_Dataset records_:
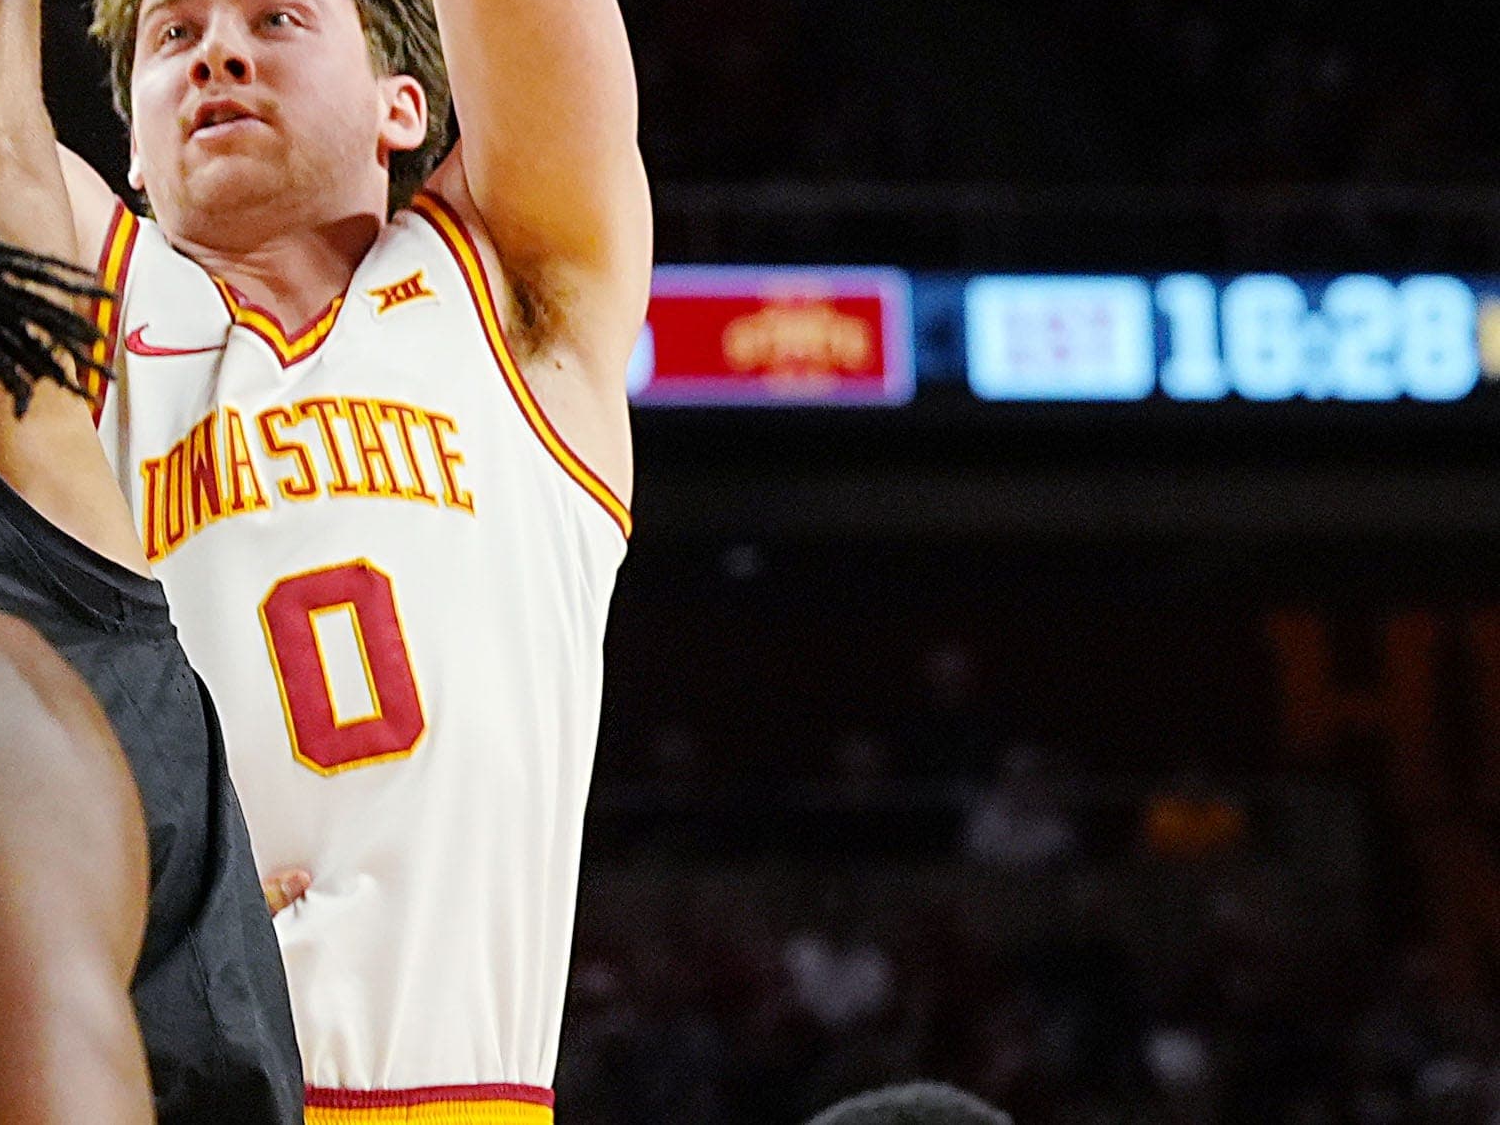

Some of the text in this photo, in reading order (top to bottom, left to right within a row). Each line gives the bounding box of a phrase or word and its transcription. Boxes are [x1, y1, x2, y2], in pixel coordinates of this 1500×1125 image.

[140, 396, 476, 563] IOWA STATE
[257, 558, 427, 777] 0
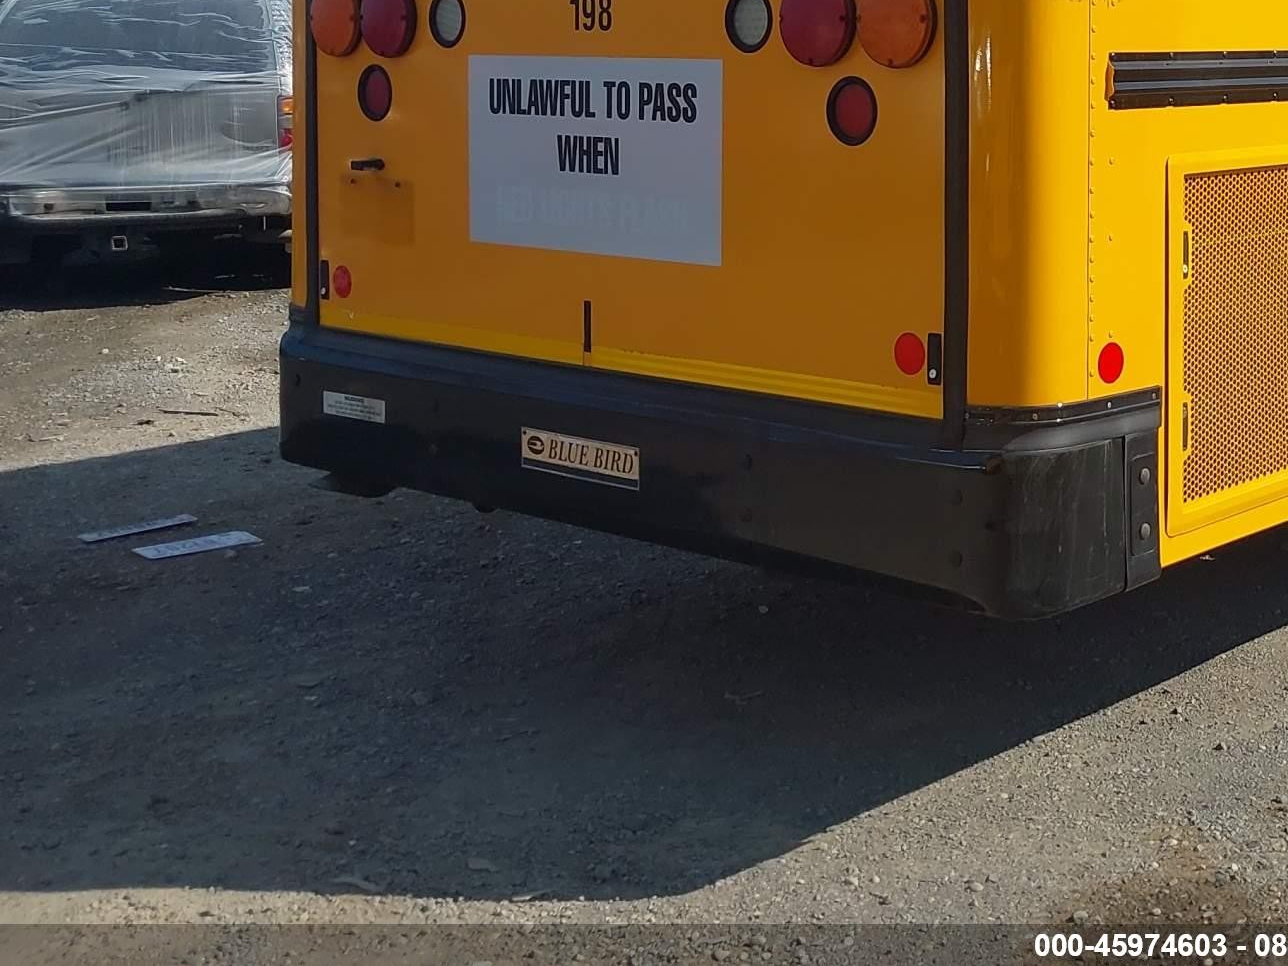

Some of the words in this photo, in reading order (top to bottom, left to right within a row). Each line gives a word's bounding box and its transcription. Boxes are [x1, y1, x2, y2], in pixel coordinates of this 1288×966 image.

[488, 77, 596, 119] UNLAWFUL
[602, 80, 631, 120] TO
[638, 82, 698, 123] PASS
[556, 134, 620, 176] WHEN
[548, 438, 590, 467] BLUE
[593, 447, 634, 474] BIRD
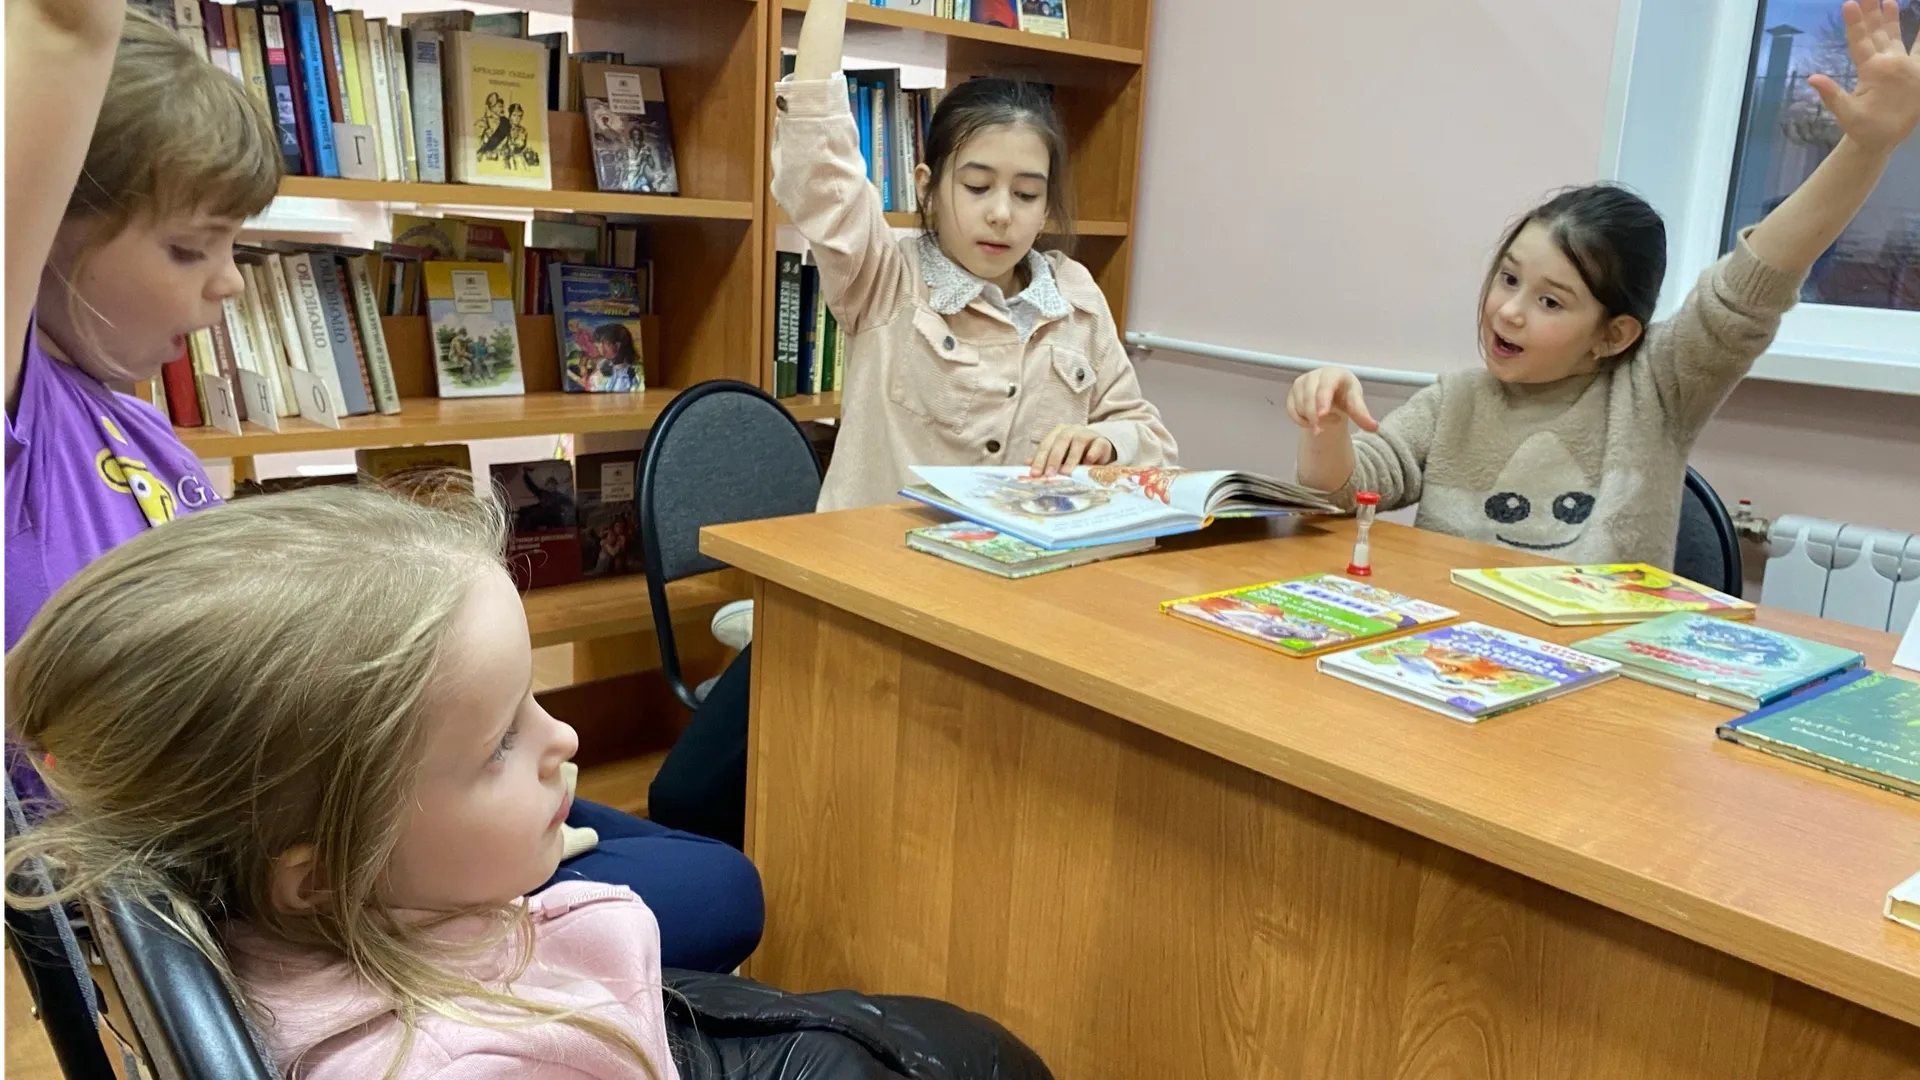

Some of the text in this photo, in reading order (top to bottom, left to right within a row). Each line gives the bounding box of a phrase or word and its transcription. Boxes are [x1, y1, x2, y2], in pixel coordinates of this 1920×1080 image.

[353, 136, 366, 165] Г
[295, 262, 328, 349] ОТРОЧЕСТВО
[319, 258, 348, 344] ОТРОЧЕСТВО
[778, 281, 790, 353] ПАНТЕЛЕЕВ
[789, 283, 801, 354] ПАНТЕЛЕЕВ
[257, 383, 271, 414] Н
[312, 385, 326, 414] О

_Assignment_: Copy out exactly the lines between the line that contains "Some of the words" and the last line of the records, both ends included; leave out every picture.

_Answer to this exercise_:
Some of the words in this photo, in reading order (top to bottom, left to right within a row). Each line gives a word's bounding box and its transcription. Boxes are [x1, y1, x2, y2], in pixel coordinates of this 1288×966 image.

[488, 77, 596, 119] UNLAWFUL
[602, 80, 631, 120] TO
[638, 82, 698, 123] PASS
[556, 134, 620, 176] WHEN
[548, 438, 590, 467] BLUE
[593, 447, 634, 474] BIRD

Some of the text in this photo, in reading order (top to bottom, left to right within a row). Each line gives the bounding box of a phrase or word and its transcription. Boxes are [x1, y1, x2, y2], in pixel coordinates of this 1920×1080 image.

[353, 136, 366, 165] Г
[295, 262, 328, 349] ОТРОЧЕСТВО
[319, 258, 348, 344] ОТРОЧЕСТВО
[778, 281, 790, 353] ПАНТЕЛЕЕВ
[789, 283, 801, 354] ПАНТЕЛЕЕВ
[257, 383, 271, 414] Н
[312, 385, 326, 414] О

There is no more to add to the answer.